Regulatory Filing Paves the Way for Potential Sale

The situation developed when Kraft Heinz submitted a prospectus supplement to the U.S. Securities and Exchange Commission (SEC) on January 20, 2026. This document registers the potential sale of up to 325.44 million common shares currently held by Berkshire Hathaway. This block represents approximately 27.5% of the company’s outstanding shares.

A critical distinction is that this is not a secondary offering by Kraft Heinz to raise new capital. The company will not receive any proceeds from a sale of these shares. Instead, the registration establishes the necessary legal framework for Berkshire to divest its entire holding, either through market sales or private placements, at its discretion and at any time.

Market participants interpret this move as a clear signal. Under the leadership of Berkshire’s new CEO, Greg Abel, a portfolio reassessment appears to be underway, and Kraft Heinz seems to have lost its status as a core holding. While an immediate, full divestment is not guaranteed, the possibility means the stock’s long-term anchor investor could depart.

Market Reaction and Share Price Pressure

Investor response was swiftly negative. The mere prospect of over a quarter of the company’s equity potentially flooding the market has heightened concerns about an overhang of supply.

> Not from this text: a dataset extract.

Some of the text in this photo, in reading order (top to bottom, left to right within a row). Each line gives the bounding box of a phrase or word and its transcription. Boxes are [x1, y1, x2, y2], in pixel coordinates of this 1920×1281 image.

Such overhang risks are traditionally a bearish factor for a share price, as potential buyers anticipate lower prices amid increased selling pressure.

The stock closed at $23.52 in the latest session. This represents a weekly decline of over 3%, and the share price has fallen nearly 17% over the preceding 12-month period. Consequently, the equity remains under significant pressure, trading approximately 22% below its 52-week high.

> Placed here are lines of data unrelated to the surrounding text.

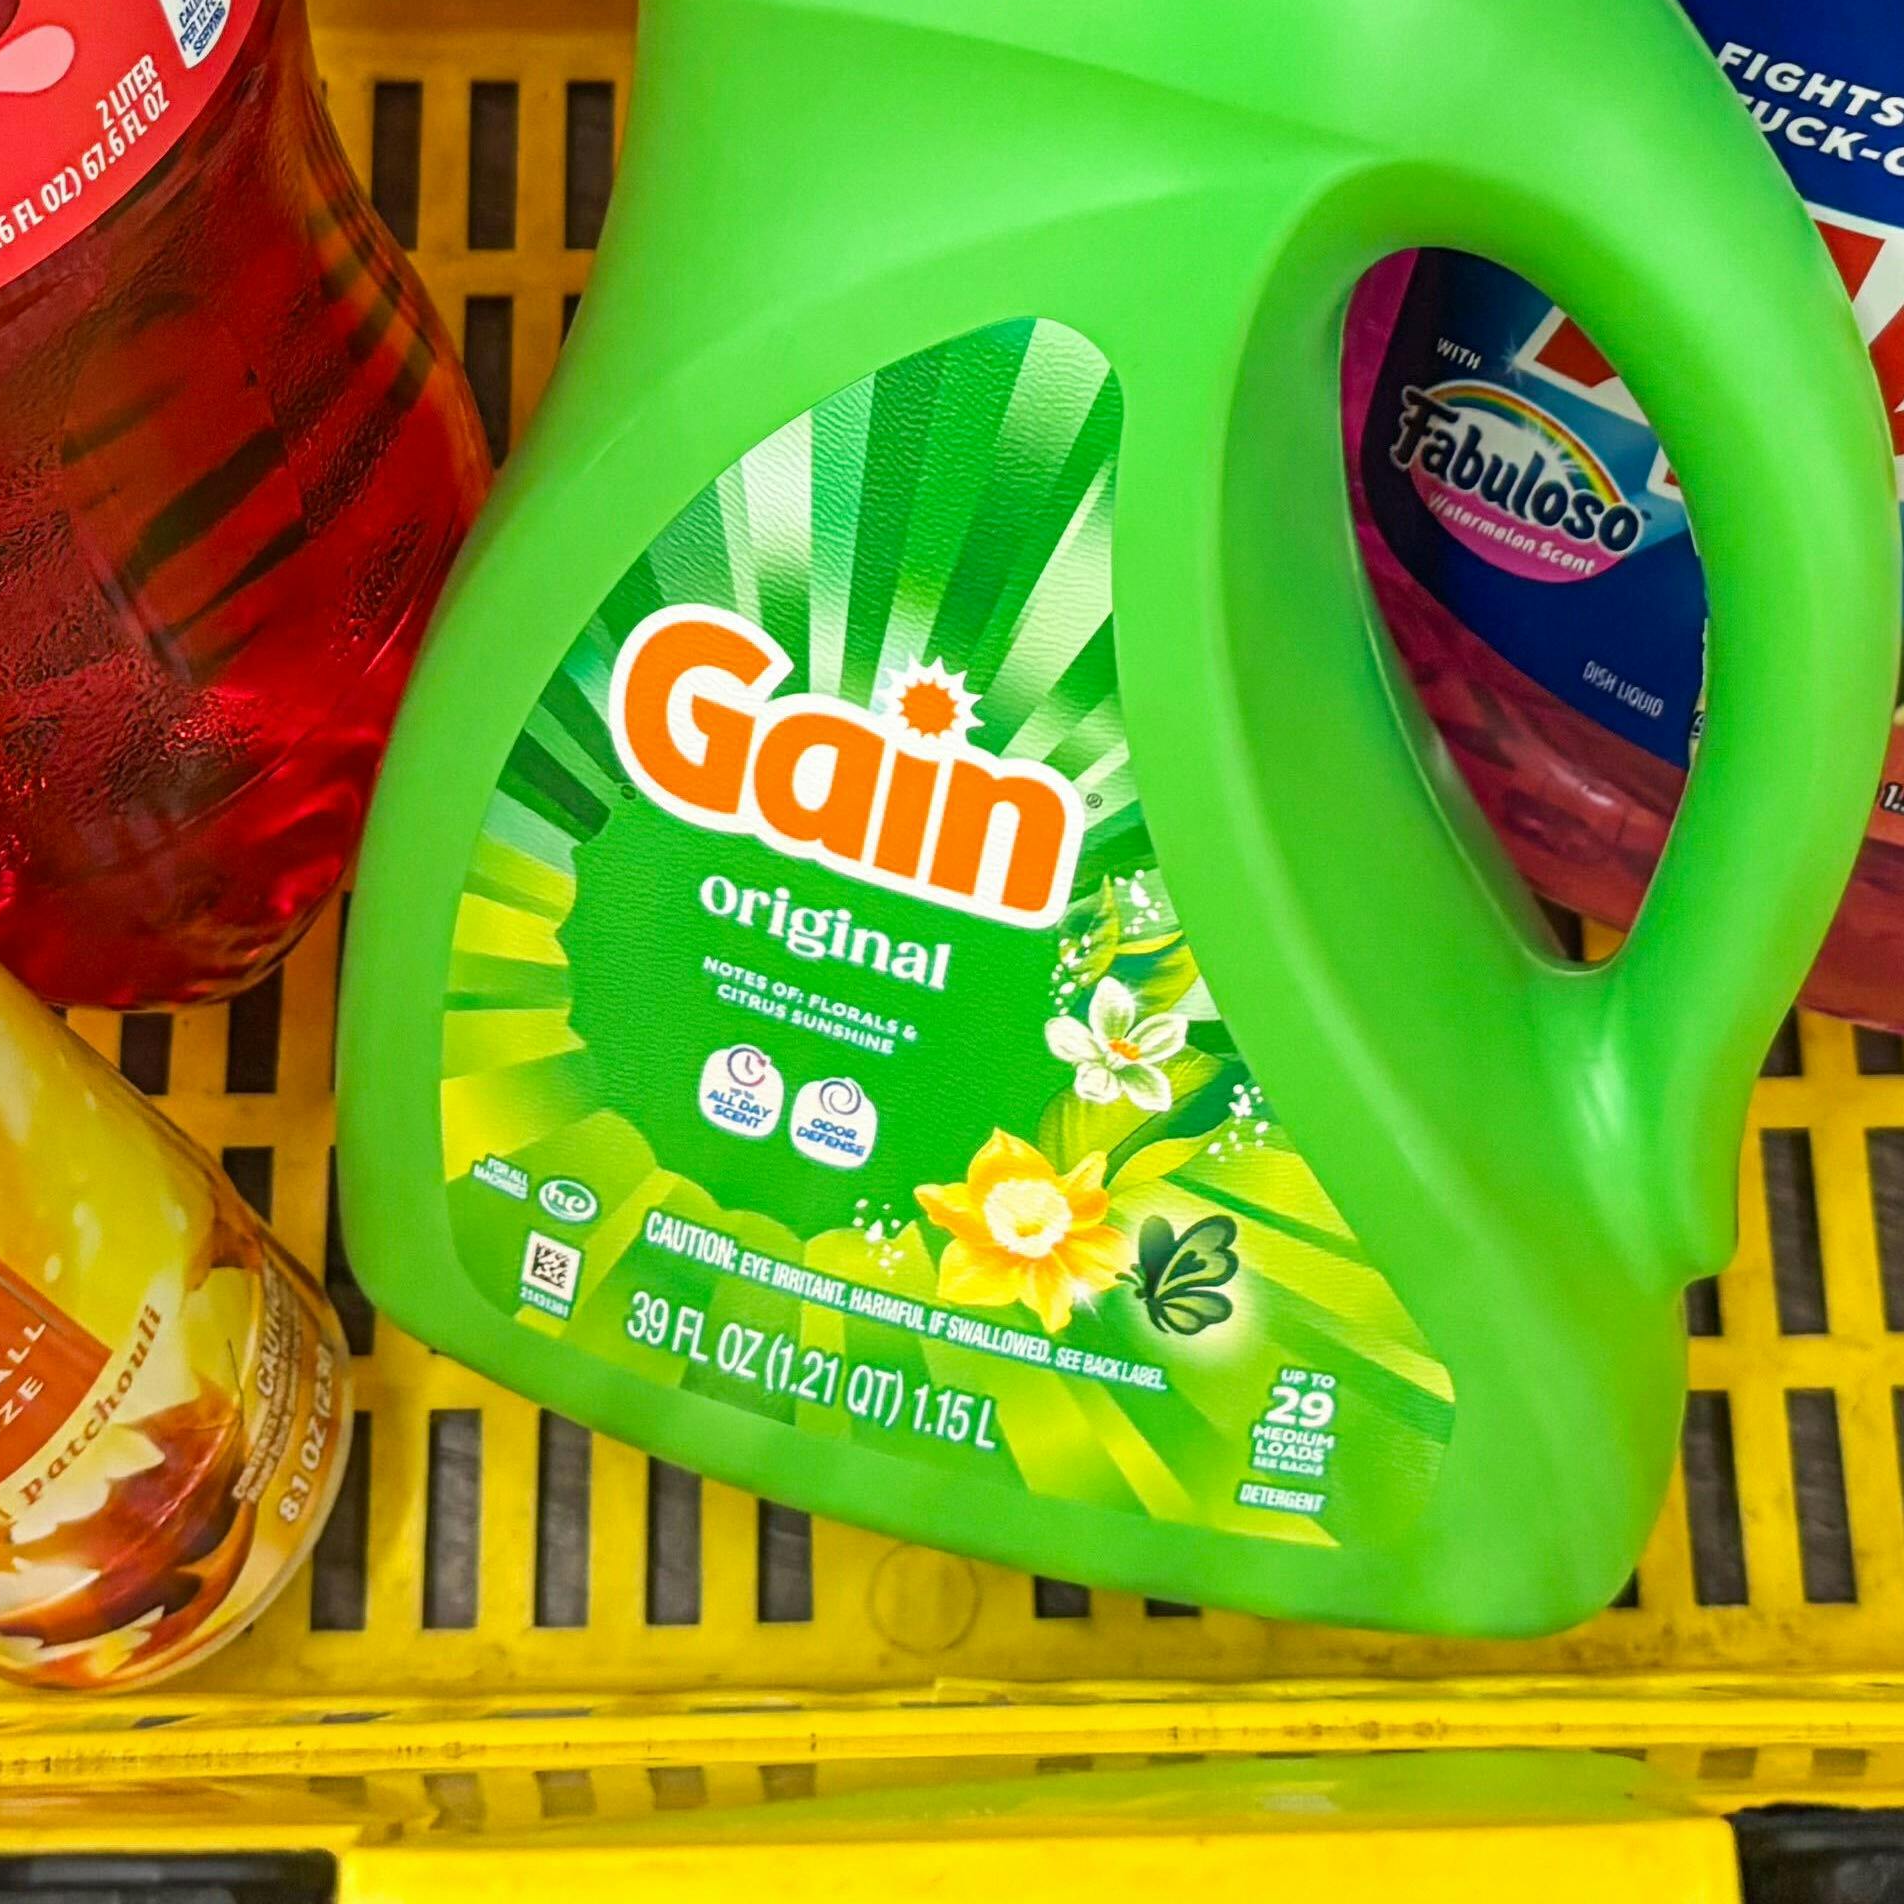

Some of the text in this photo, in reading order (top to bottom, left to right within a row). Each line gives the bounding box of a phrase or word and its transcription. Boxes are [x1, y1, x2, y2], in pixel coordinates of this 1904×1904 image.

[96, 53, 159, 131] 2 LITER
[13, 201, 45, 239] FL
[39, 162, 86, 215] OZ)
[81, 126, 127, 183] 67.6
[121, 109, 148, 146] FL
[142, 80, 171, 123] OZ
[1435, 337, 1483, 372] WITH
[1391, 386, 1642, 553] Fabuloso
[1537, 537, 1596, 576] Scent
[1582, 659, 1665, 719] DISH LIQUID
[615, 609, 1077, 922] Gain
[701, 955, 769, 991] NOTES
[807, 993, 900, 1036] FLORALS
[901, 1023, 919, 1042] &
[716, 983, 896, 1055] CITRUS SUNSHINE
[706, 1089, 774, 1119] ALL DAY
[712, 1104, 763, 1129] SCENT
[810, 1117, 859, 1141] ODOR
[795, 1126, 866, 1158] DEFENSE
[645, 1210, 1122, 1384] CAUTION: EYE IRRITANT. HARMFUL IF SWALLOWED. SEE BACK
[626, 1290, 670, 1342] 39
[671, 1306, 709, 1363] FL
[717, 1322, 761, 1380] OZ
[764, 1331, 840, 1408] (1.21
[846, 1362, 905, 1428] QT)
[912, 1383, 975, 1445] 1.15
[974, 1395, 998, 1452] L
[1281, 1368, 1337, 1390] UP TO
[19, 1303, 164, 1507] patchouli
[1264, 1385, 1336, 1428] 29
[300, 1414, 328, 1474] OZ
[1252, 1424, 1336, 1450] MEDIUM
[1255, 1439, 1325, 1463] LOADS
[1239, 1482, 1326, 1512] DETERGENT

Should investors sell immediately? Or is it worth buying Kraft Heinz?

Strategic Reassessment and Analyst Caution

This potential exit does not come as a complete surprise. Foreshadowing this move, Berkshire Hathaway had already written down the value of its Kraft Heinz investment by $3.76 billion in the summer of 2025. That impairment signaled growing dissatisfaction with the investment’s performance.

Concurrently, equity researchers have been adjusting their outlooks:

  • On January 16, 2026, Morgan Stanley downgraded the stock to “Underweight,” setting a price target of $24. The firm cited increasing competitive risks in the U.S. food sector.
  • Jefferies reduced its price target from $24 to $23 on January 20, 2026, though it maintained a “Hold” recommendation.

Collectively, these actions paint a picture of growing caution regarding Kraft Heinz’s earnings prospects, compounded by the uncertainty of a major shareholder transition. The stock’s historically attractive dividend yield, currently around 6.7%, offers little near-term solace and is increasingly viewed as compensation for heightened risk rather than a sign of strength.

Upcoming Financial Report as a Key Test

The next major milestone for the company is imminent. Kraft Heinz is scheduled to release its fourth-quarter and full-year 2025 financial results before the market opens on Wednesday, February 11, 2026. The current market consensus projects quarterly earnings of $0.61 per share.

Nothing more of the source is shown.